Stories from the Trenches: The Challenges of Building an Analytics Stack
Organizations often showcase the virtues of their data platforms, but rarely share the challenges and decisions faced along the way. Our session describes how we architected our analytics stack around Druid, an open source distributed data store, and how we overcame the challenges around scaling the system, balancing features with cost, and making performance consistent.
When we first designed Druid for problems of real-time data ingestion, fast queries, high availability, and multi-tenancy, there were numerous challenges we did not foresee. Over the last three years, we have evolved Druid and the entire analytics stack built around it to overcome a variety of these challenges. In the process, we have learned a great deal about understanding user query patterns, running nodes “in-memory”, managing failures, and properly monitoring systems.

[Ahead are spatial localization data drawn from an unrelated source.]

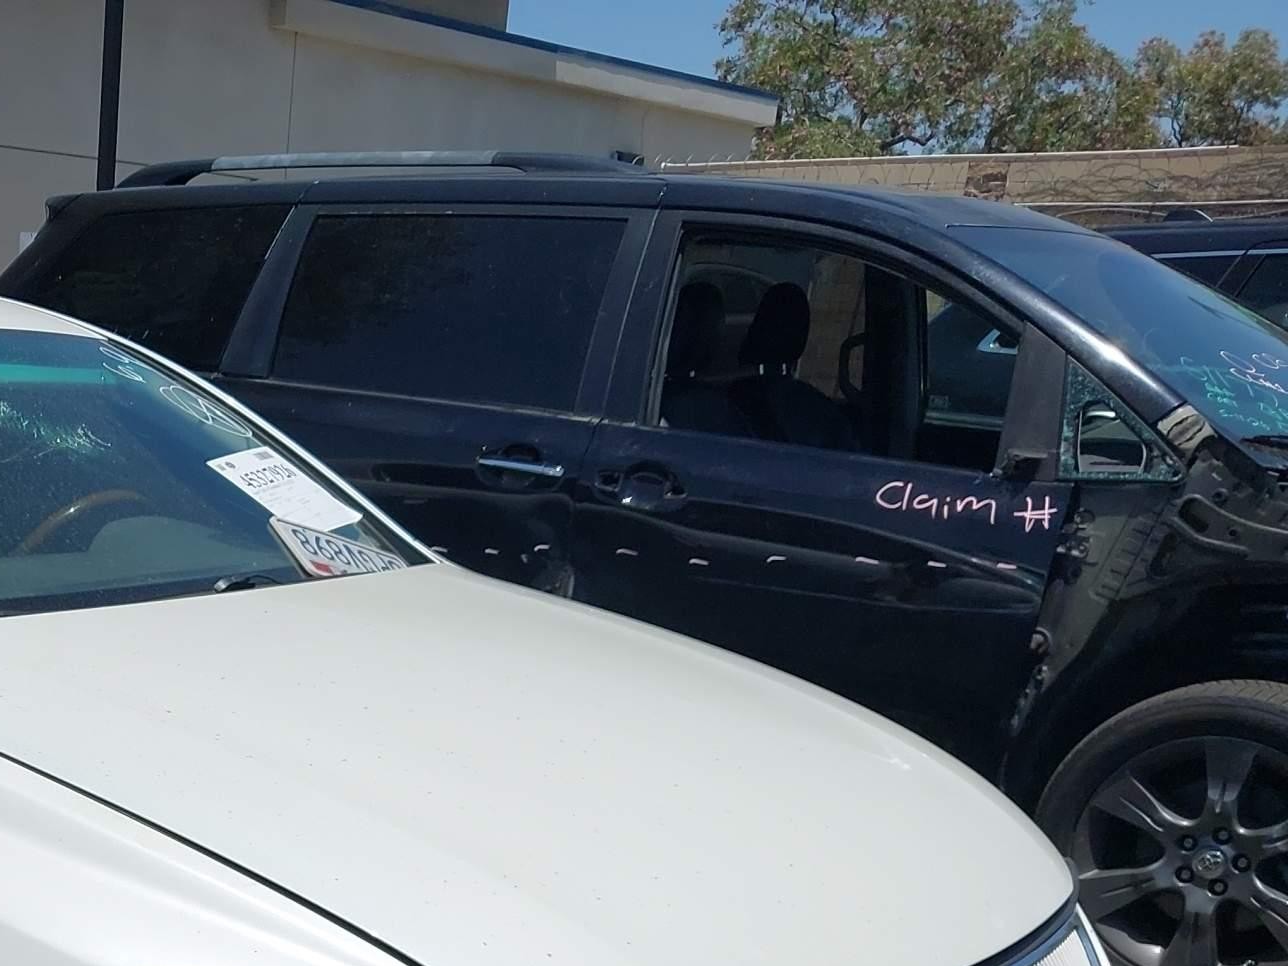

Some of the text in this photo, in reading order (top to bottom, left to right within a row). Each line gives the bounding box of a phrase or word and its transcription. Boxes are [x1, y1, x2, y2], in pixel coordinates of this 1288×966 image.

[239, 463, 297, 489] 45327926
[875, 481, 1058, 533] Claim #
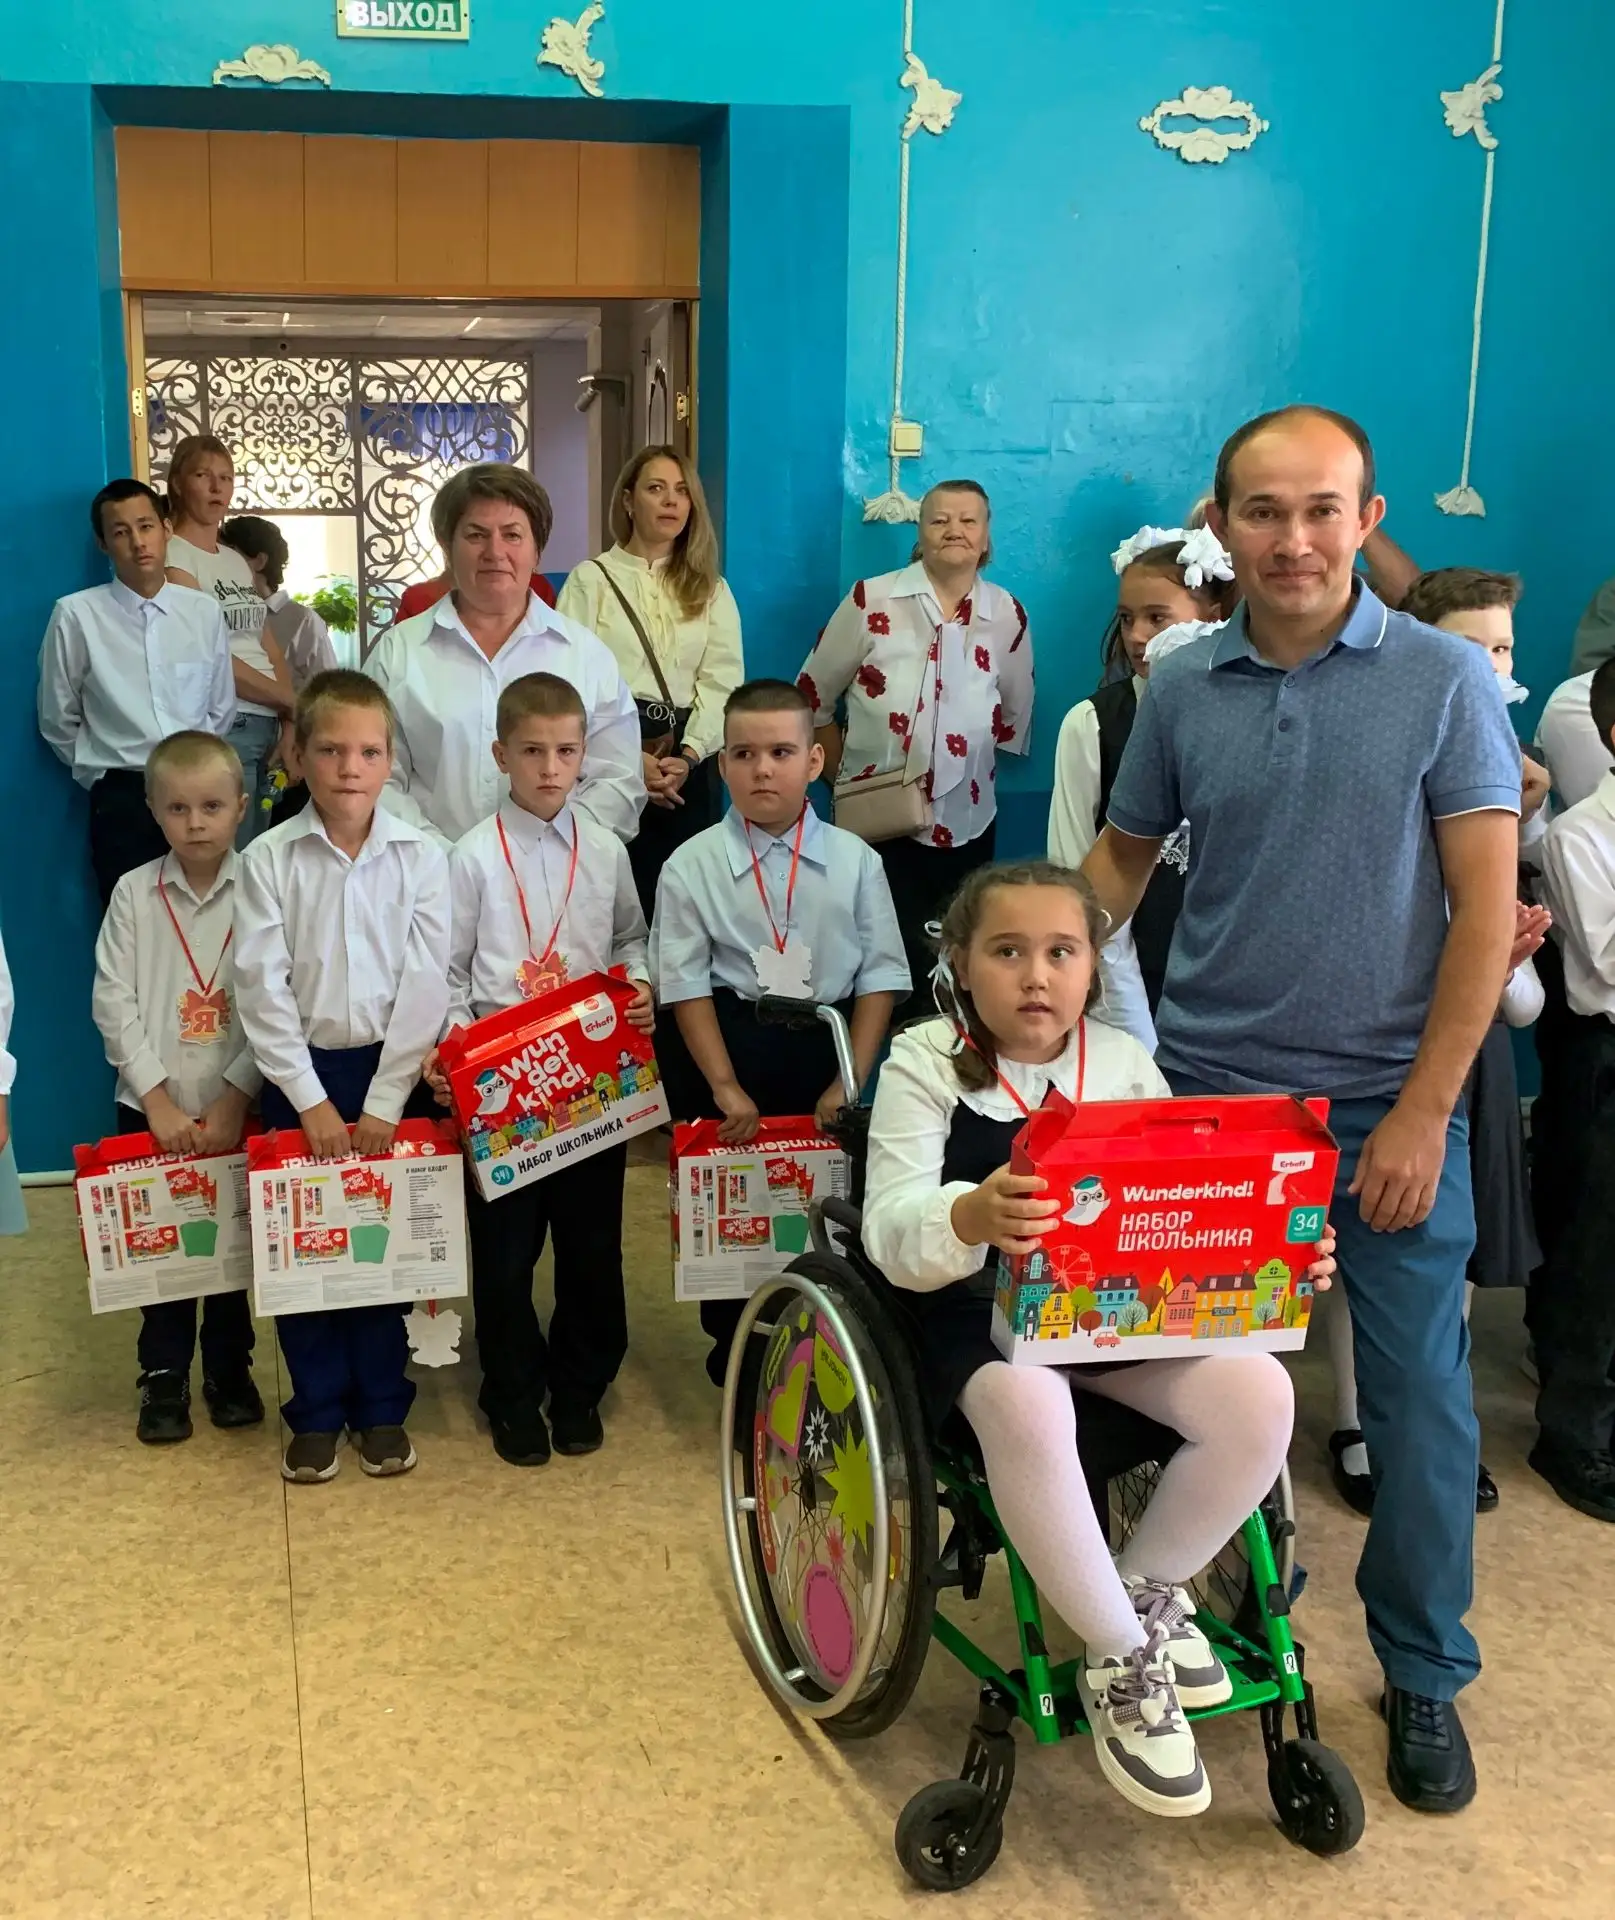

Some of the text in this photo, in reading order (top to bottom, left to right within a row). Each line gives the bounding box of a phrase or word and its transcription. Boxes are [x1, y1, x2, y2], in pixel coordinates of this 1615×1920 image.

[351, 1, 457, 31] ВЫХОД
[193, 1010, 217, 1033] Я
[527, 1044, 570, 1087] der
[517, 1117, 624, 1174] НАБОР ШКОЛЬНИКА
[1122, 1181, 1255, 1203] Wunderkind!
[1120, 1210, 1194, 1232] НАБОР
[1293, 1212, 1319, 1232] 34
[1117, 1228, 1254, 1252] ШКОЛЬНИКА

Our Druid cluster now contains over a hundred terabytes of compressed data, representing trillions of rows, and we maintain a 95th percentile query latency of less than a second. We also ingest several terabytes of new data per hour. While scaling our cluster, we found what properties led to consistent performance and systematically applied them to better manage memory, improve stability, and maintain consistency.
We hope this session will inform anyone who faces similar problems of potential ways of solving them.
Fangjin is one of the first developers to Metamarkets and the Druid project. He mainly works on core infrastructure development. Fangjin comes to Metamarkets from Cisco where he developed diagnostic algorithms for various routers and switches. He holds a BASc in Electrical Engineering and a MASc in Computer Engineering from the University of Waterloo, Canada.
One of the first engineers to Metamarkets’ analytics team, Xavier is responsible for analytics infrastructure, including real-time analytics in Druid. He was previously a quantitative researcher at BlackRock. Prior to that, he held various research and analytics roles at Barclays Global Investors and MSCI. He holds an MEng in Operations Research from Cornell University and a Masters in Engineering from École Centrale Paris.